WHAT THE TASK REQUIRES
Print the entries exactly; skip the pictures.

DATA FOR PROCESSING
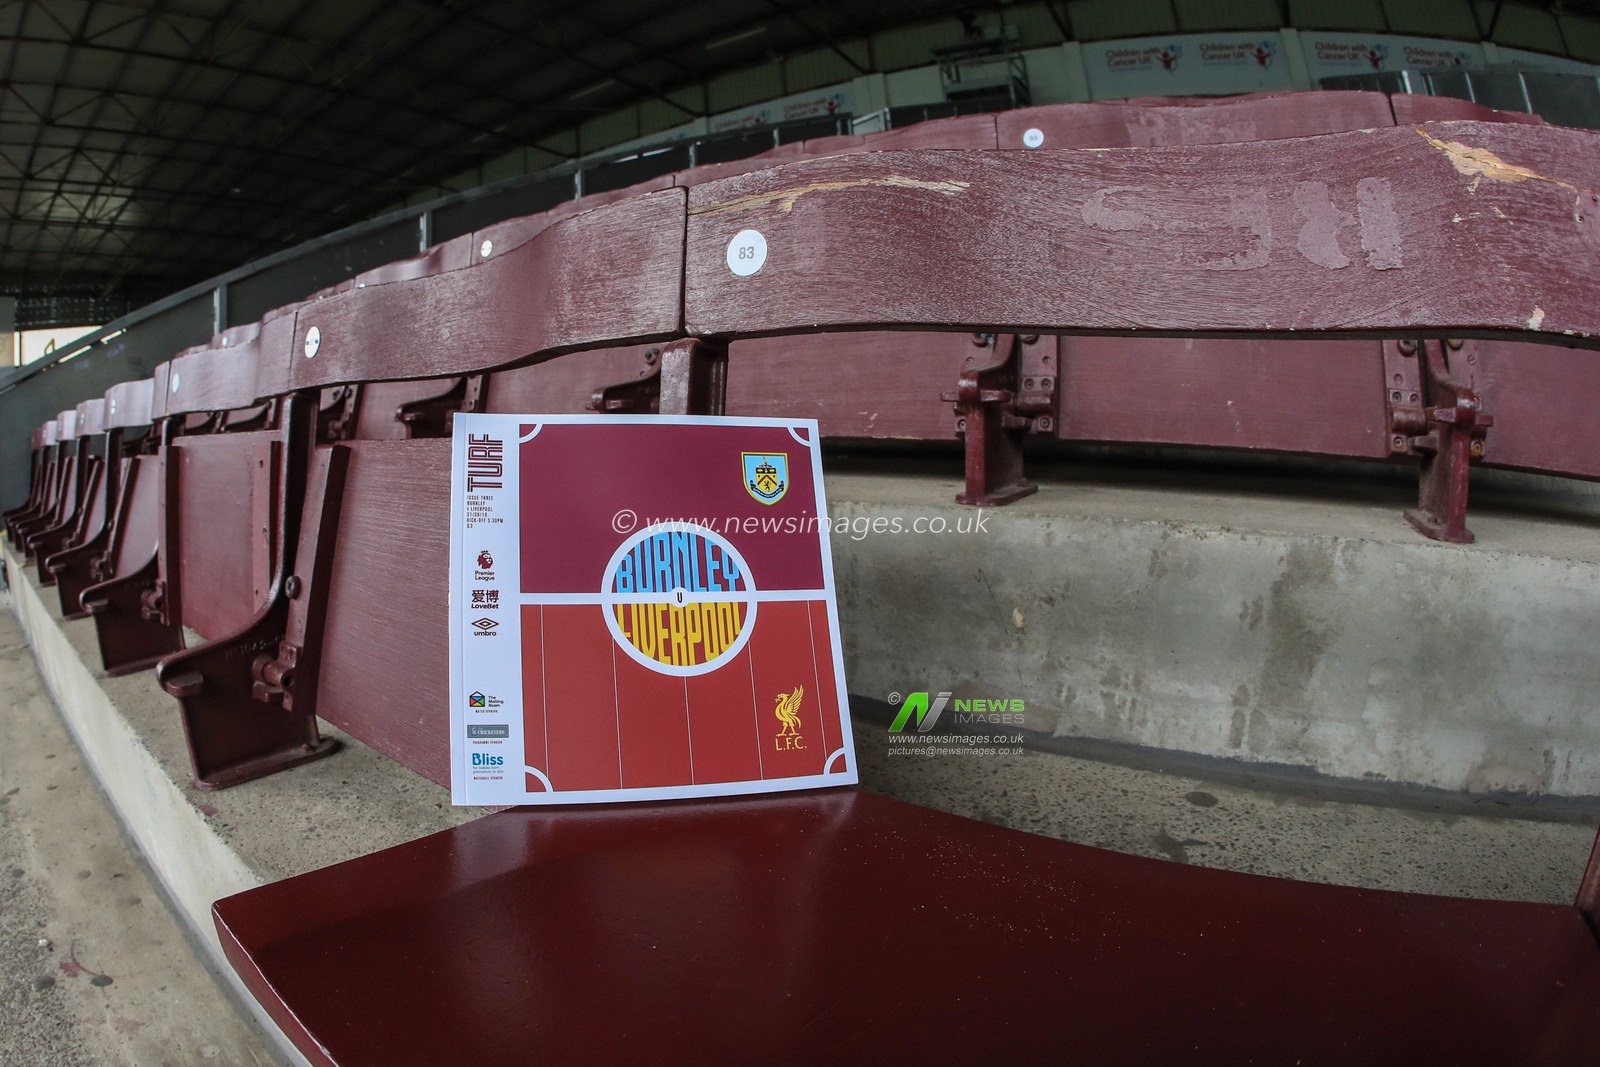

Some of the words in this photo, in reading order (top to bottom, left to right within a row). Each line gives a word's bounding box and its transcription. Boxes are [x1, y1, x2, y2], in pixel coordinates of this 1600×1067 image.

[738, 246, 755, 260] 83
[467, 433, 503, 493] TURF
[615, 531, 741, 594] BURNLEY
[471, 589, 500, 603] 爱博
[616, 602, 743, 667] LIVERPOOL
[775, 736, 808, 751] L.F.C.
[472, 753, 504, 766] Bliss
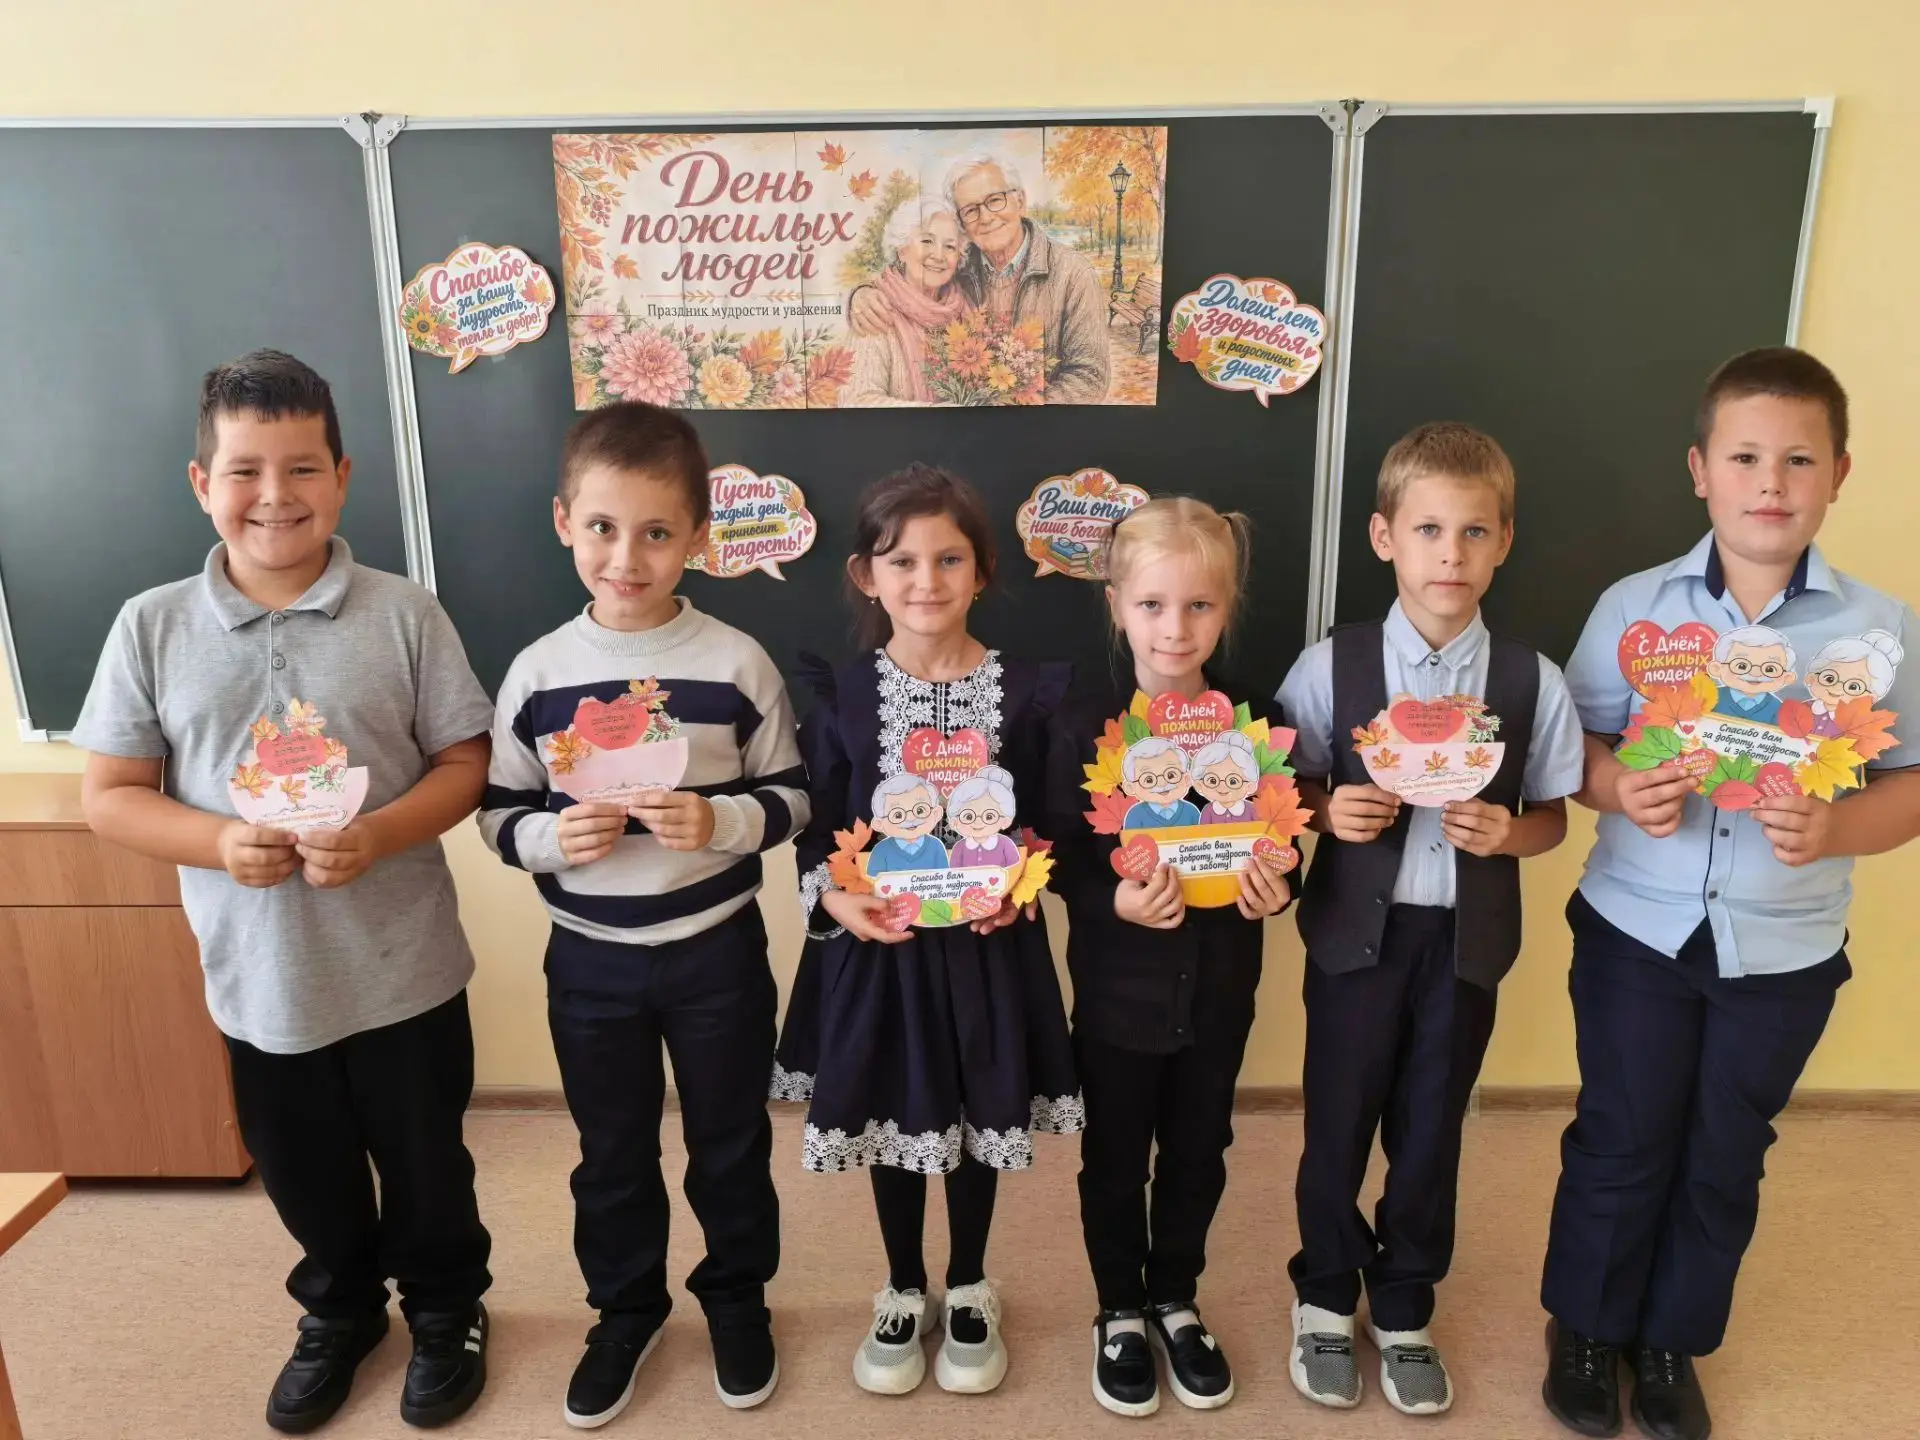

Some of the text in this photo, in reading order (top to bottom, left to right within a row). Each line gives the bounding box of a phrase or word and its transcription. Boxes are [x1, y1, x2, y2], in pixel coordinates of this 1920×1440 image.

ANSWER SPACE
Some of the words in this photo, in reading order (top to bottom, left to right within a row). Each line gives a word's bounding box and its transcription. Boxes are [x1, y1, x2, y2], in pixel coordinates of this 1600×1067 image.

[738, 246, 755, 260] 83
[467, 433, 503, 493] TURF
[615, 531, 741, 594] BURNLEY
[471, 589, 500, 603] 爱博
[616, 602, 743, 667] LIVERPOOL
[775, 736, 808, 751] L.F.C.
[472, 753, 504, 766] Bliss

Some of the text in this photo, in reading order (top to bottom, left to right within a row). Each line gives the bounding box of a phrase or word and its transcription. Boxes are [x1, y1, x2, y2], in pixel coordinates of this 1920×1440 image.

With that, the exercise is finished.